WORK TASK:
Scan the material for the word "PETER", then return every line where it appears.

DATA EXCERPTS:
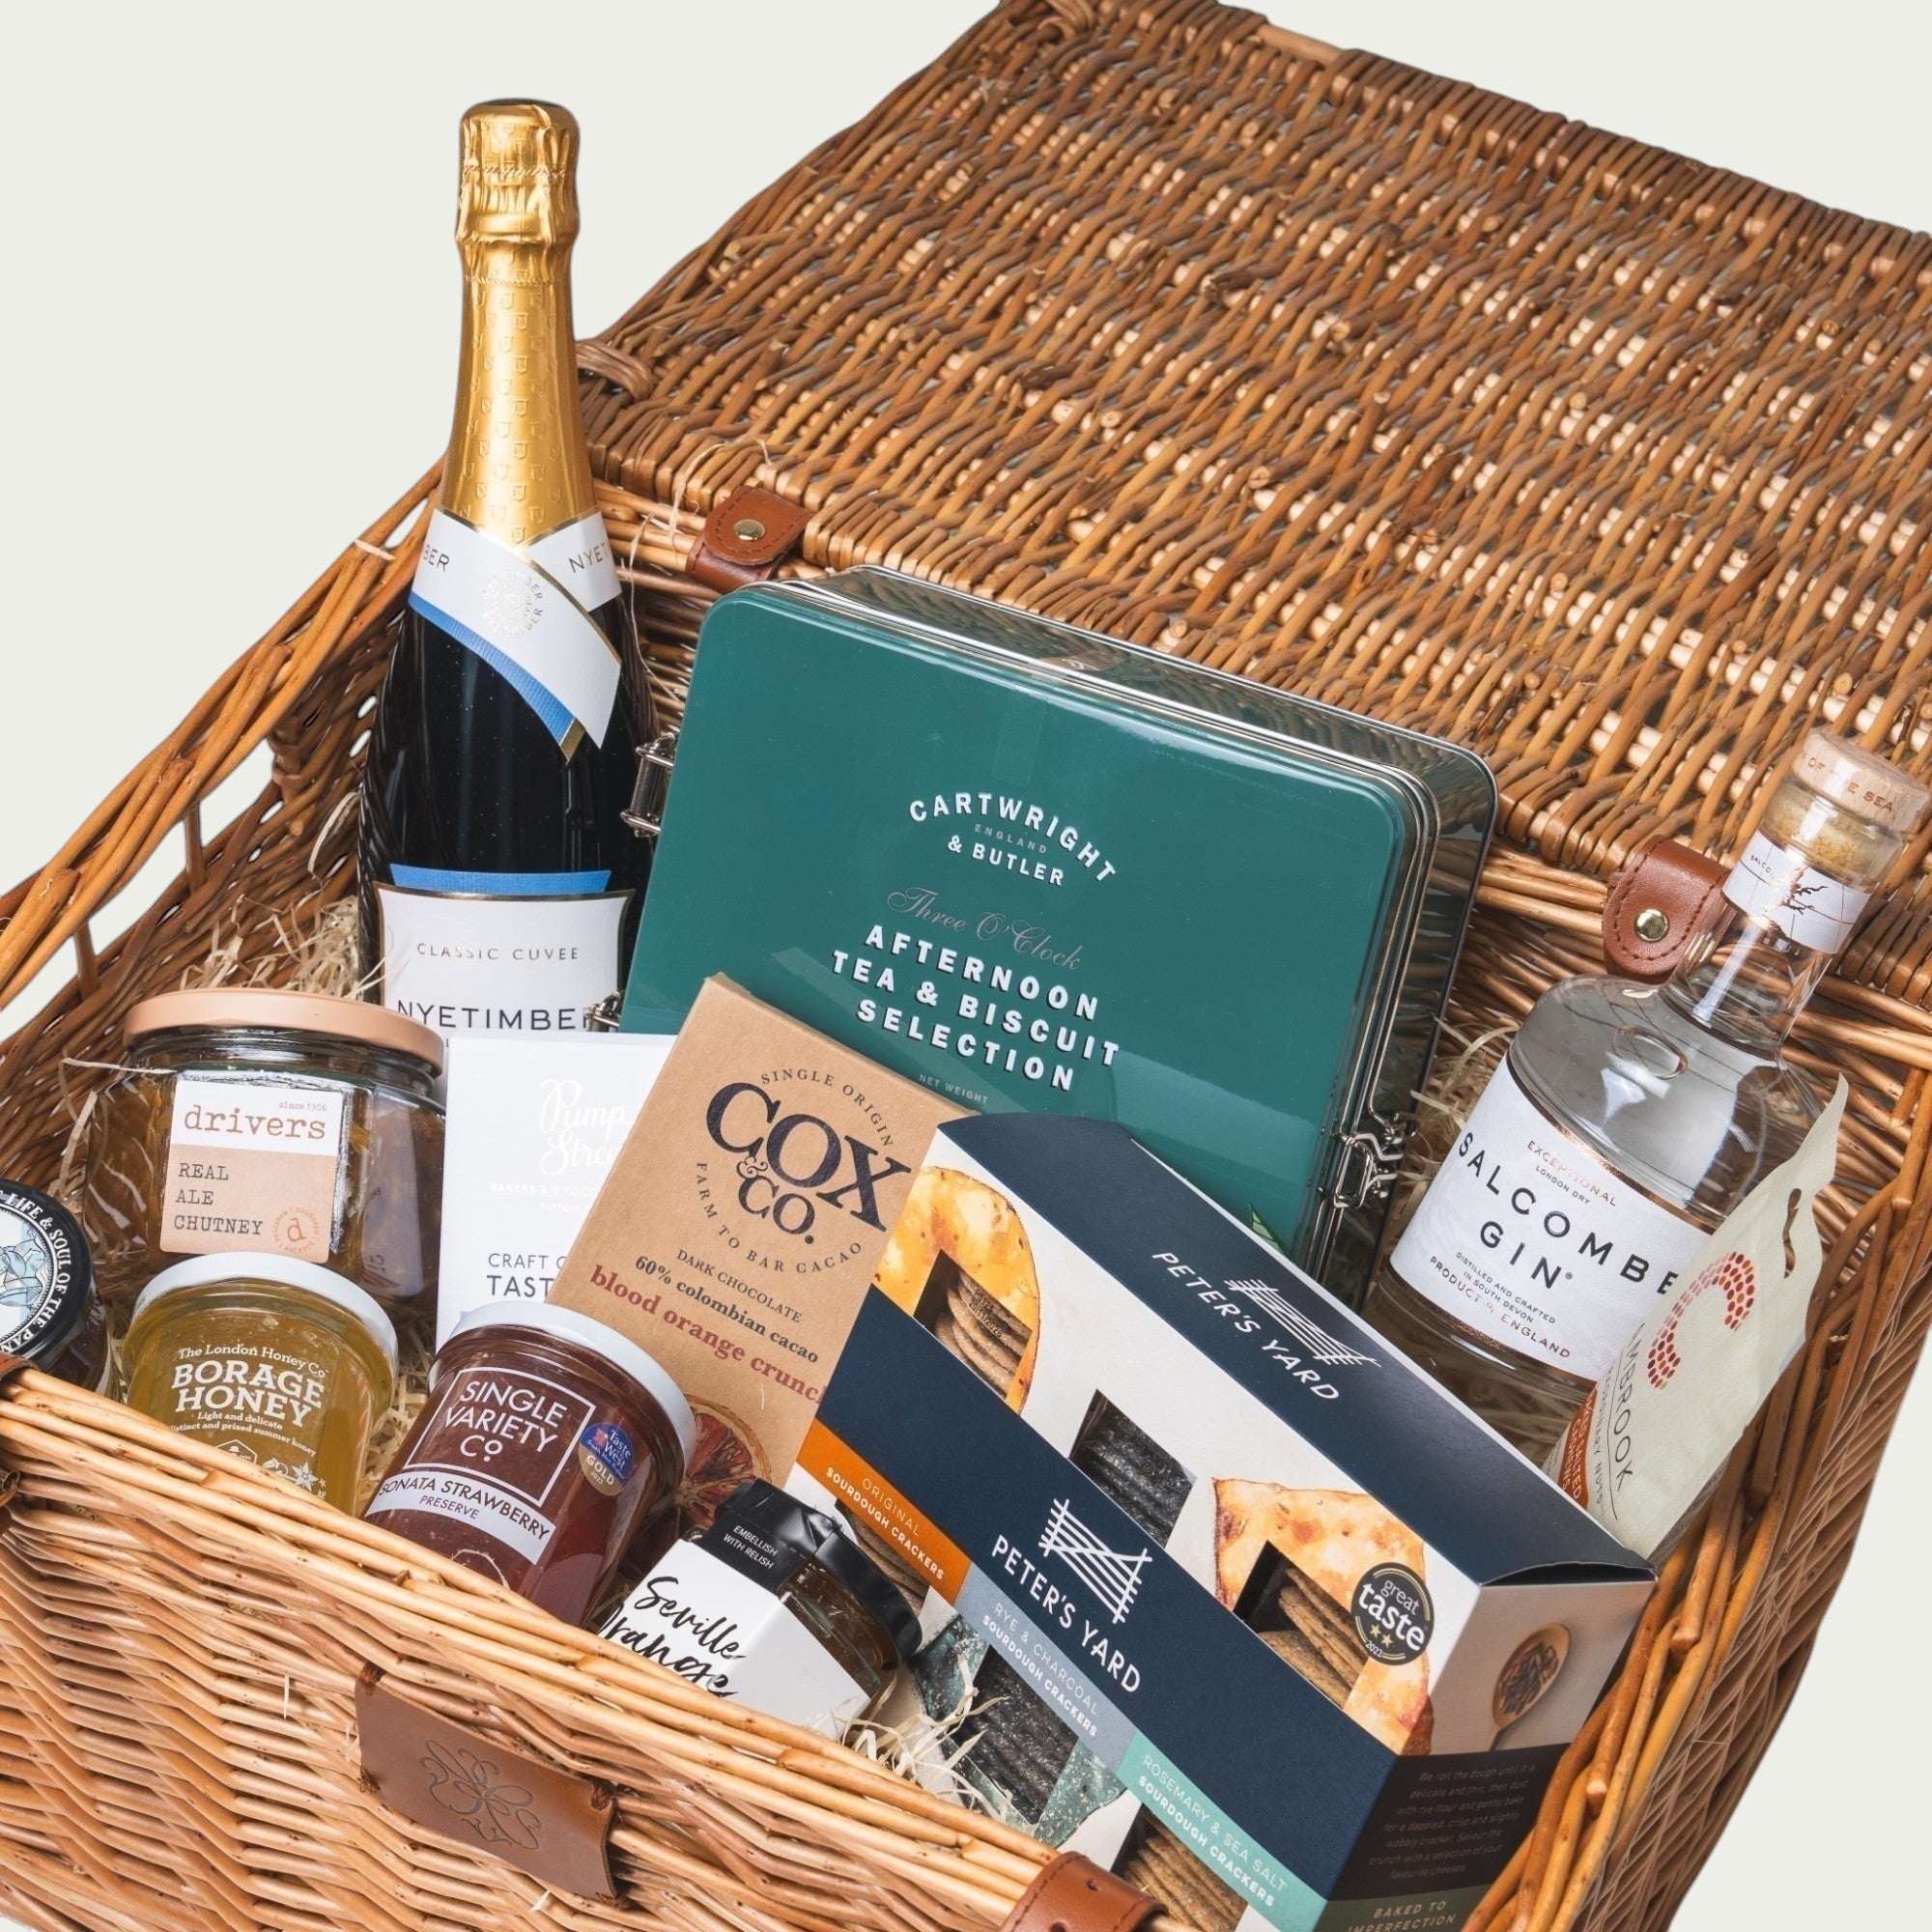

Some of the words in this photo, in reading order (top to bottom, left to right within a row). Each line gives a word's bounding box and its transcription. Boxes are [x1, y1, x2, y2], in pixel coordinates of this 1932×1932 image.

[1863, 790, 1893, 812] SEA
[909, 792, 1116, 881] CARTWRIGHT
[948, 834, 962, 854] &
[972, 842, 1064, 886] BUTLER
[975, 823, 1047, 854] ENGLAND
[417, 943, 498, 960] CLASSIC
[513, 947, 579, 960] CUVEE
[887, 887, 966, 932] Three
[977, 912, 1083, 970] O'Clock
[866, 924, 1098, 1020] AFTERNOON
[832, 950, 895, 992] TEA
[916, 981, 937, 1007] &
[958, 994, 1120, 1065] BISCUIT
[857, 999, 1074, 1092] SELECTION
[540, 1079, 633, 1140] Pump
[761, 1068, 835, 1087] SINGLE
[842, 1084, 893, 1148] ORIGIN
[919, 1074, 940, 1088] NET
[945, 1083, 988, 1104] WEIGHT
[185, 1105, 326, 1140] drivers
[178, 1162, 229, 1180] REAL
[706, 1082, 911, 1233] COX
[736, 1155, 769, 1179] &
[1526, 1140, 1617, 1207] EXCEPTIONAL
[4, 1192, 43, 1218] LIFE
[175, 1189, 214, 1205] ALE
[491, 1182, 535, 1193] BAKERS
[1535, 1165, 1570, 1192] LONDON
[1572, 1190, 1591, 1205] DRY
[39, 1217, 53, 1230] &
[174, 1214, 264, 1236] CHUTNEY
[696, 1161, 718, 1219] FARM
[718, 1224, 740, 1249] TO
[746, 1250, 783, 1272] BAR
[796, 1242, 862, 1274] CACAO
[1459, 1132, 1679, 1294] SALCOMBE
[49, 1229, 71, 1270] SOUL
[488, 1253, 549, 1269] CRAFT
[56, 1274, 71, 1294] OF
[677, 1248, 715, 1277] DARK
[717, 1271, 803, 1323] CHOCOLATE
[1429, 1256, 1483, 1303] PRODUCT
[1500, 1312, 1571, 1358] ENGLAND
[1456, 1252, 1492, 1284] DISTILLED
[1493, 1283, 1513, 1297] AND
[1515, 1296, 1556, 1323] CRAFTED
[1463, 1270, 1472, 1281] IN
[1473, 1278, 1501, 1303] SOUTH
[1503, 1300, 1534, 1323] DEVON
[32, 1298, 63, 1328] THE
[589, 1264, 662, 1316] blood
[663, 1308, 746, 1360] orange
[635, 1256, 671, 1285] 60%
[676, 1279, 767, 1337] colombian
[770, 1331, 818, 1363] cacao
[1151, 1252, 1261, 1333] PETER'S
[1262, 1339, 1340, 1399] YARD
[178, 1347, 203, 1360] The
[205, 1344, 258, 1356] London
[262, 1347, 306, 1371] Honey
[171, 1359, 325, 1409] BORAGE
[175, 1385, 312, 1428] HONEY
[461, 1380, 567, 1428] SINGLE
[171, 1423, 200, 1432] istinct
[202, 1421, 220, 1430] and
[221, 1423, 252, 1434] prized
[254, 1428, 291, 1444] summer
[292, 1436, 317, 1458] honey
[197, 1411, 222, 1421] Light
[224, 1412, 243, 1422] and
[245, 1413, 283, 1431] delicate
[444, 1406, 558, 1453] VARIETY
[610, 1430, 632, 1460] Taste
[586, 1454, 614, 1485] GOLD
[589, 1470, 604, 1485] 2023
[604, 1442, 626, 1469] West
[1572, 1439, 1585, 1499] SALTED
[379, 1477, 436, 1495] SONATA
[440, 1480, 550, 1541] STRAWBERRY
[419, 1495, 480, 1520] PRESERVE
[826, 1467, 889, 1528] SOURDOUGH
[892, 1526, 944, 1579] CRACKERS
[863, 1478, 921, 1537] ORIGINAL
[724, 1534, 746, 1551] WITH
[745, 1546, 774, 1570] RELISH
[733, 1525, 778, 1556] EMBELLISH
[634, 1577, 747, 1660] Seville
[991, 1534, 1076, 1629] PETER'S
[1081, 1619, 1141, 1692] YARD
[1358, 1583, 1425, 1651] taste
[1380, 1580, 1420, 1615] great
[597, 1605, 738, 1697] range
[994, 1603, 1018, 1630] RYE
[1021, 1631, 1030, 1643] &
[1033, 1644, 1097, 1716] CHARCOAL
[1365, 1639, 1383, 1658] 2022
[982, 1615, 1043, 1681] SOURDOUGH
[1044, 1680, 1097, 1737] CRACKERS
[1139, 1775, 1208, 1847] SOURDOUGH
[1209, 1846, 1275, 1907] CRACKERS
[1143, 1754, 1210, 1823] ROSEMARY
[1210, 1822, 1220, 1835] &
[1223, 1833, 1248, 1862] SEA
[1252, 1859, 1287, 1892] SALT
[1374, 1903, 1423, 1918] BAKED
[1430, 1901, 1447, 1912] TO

EXERCISE RESPONSE:
[1151, 1252, 1261, 1333] PETER'S
[991, 1534, 1076, 1629] PETER'S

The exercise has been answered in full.